Puzzling During a Pandemic: America’s 3rd Puzzle Craze

August 7th, 2020

By Amy Pepe, Visitor Services and Public Programs Manager at Rose Hill Mansion and Johnston House

The coronavirus pandemic triggered shortages of lots of essential items, from toilet paper to meat products. However, we also saw shortages of some not-so essential items. One of the products that has seen the highest surge in demand during the pandemic? Jigsaw puzzles.

Since March of this year, headlines from NPR, Vanity Fair, and the Guardian (to name just a few) declared that puzzles were in such high demand during the pandemic that puzzle manufacturers were struggling to keep up. In some states, the shortage was complicated by the fact that puzzle manufacturers could not operate as they were not considered essential when stricter measures were in place. Puzzle brands Ceaco and Ravensburger  both reported an over 300% increase in sales in March 2020 than at the same time last year. The puzzle sections in box stores like Target and Wal-Mart were emptied early on, and at some points during the pandemic, it was nearly impossible to order a jigsaw puzzle online from Amazon. Even ordering directly from smaller puzzle retailers, like Dowdle Folk Arts  or White Mountain , could not guarantee in-stock items or timely shipments (I’m still waiting on some that I ordered at the end of April). Some companies are still struggling to catch up to demand, even as restrictions are loosening throughout the country.
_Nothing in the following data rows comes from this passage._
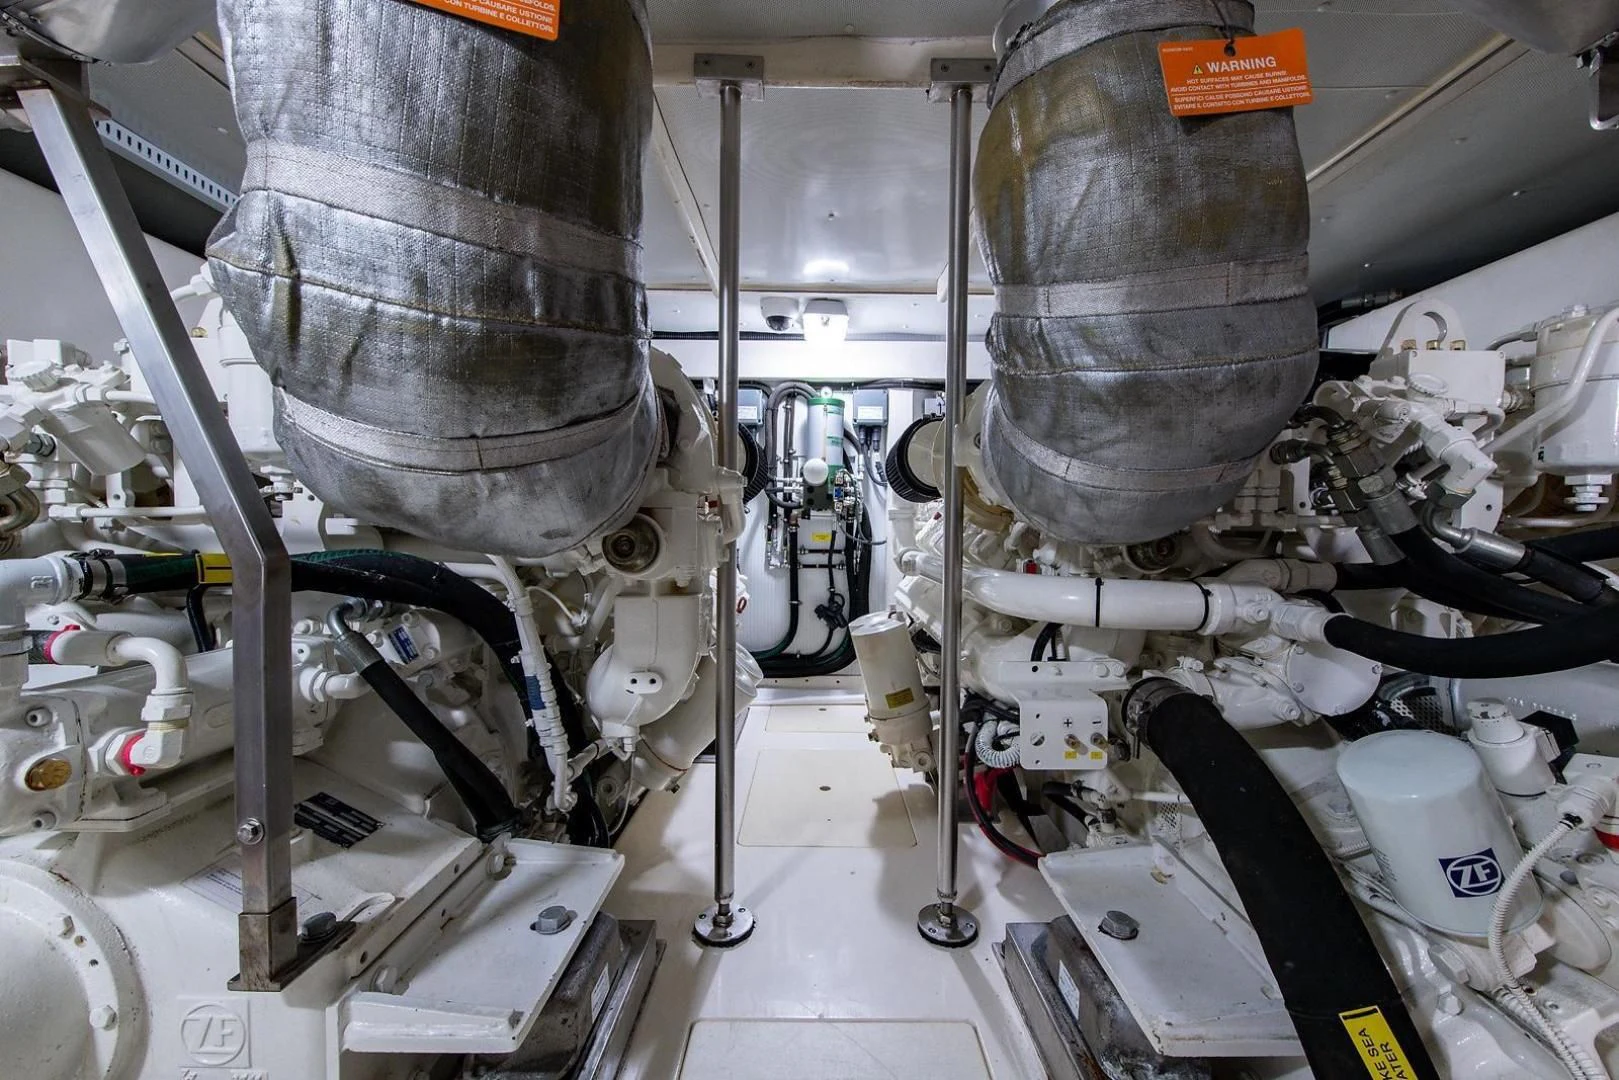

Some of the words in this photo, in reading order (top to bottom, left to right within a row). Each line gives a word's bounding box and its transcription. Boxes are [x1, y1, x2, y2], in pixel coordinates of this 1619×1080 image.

[464, 2, 497, 18] TURBINE
[499, 12, 505, 20] E
[1206, 56, 1277, 73] WARNING
[1174, 95, 1204, 103] SUPERFICI
[1450, 858, 1499, 889] ZF
[184, 1015, 238, 1055] ZF
[1358, 1028, 1380, 1057] SEA
[1380, 1042, 1408, 1080] ATER
Headlines from articles about puzzles

So, what is behind this puzzle craze? If you take a look historically, it doesn’t come as a surprise. In fact, the increased demand and shortage of jigsaw puzzles during the pandemic may come to be seen as America’s 3rd puzzle craze. Times of high uncertainty, stress, and unemployment have more than once been a boon for the jigsaw puzzle industry.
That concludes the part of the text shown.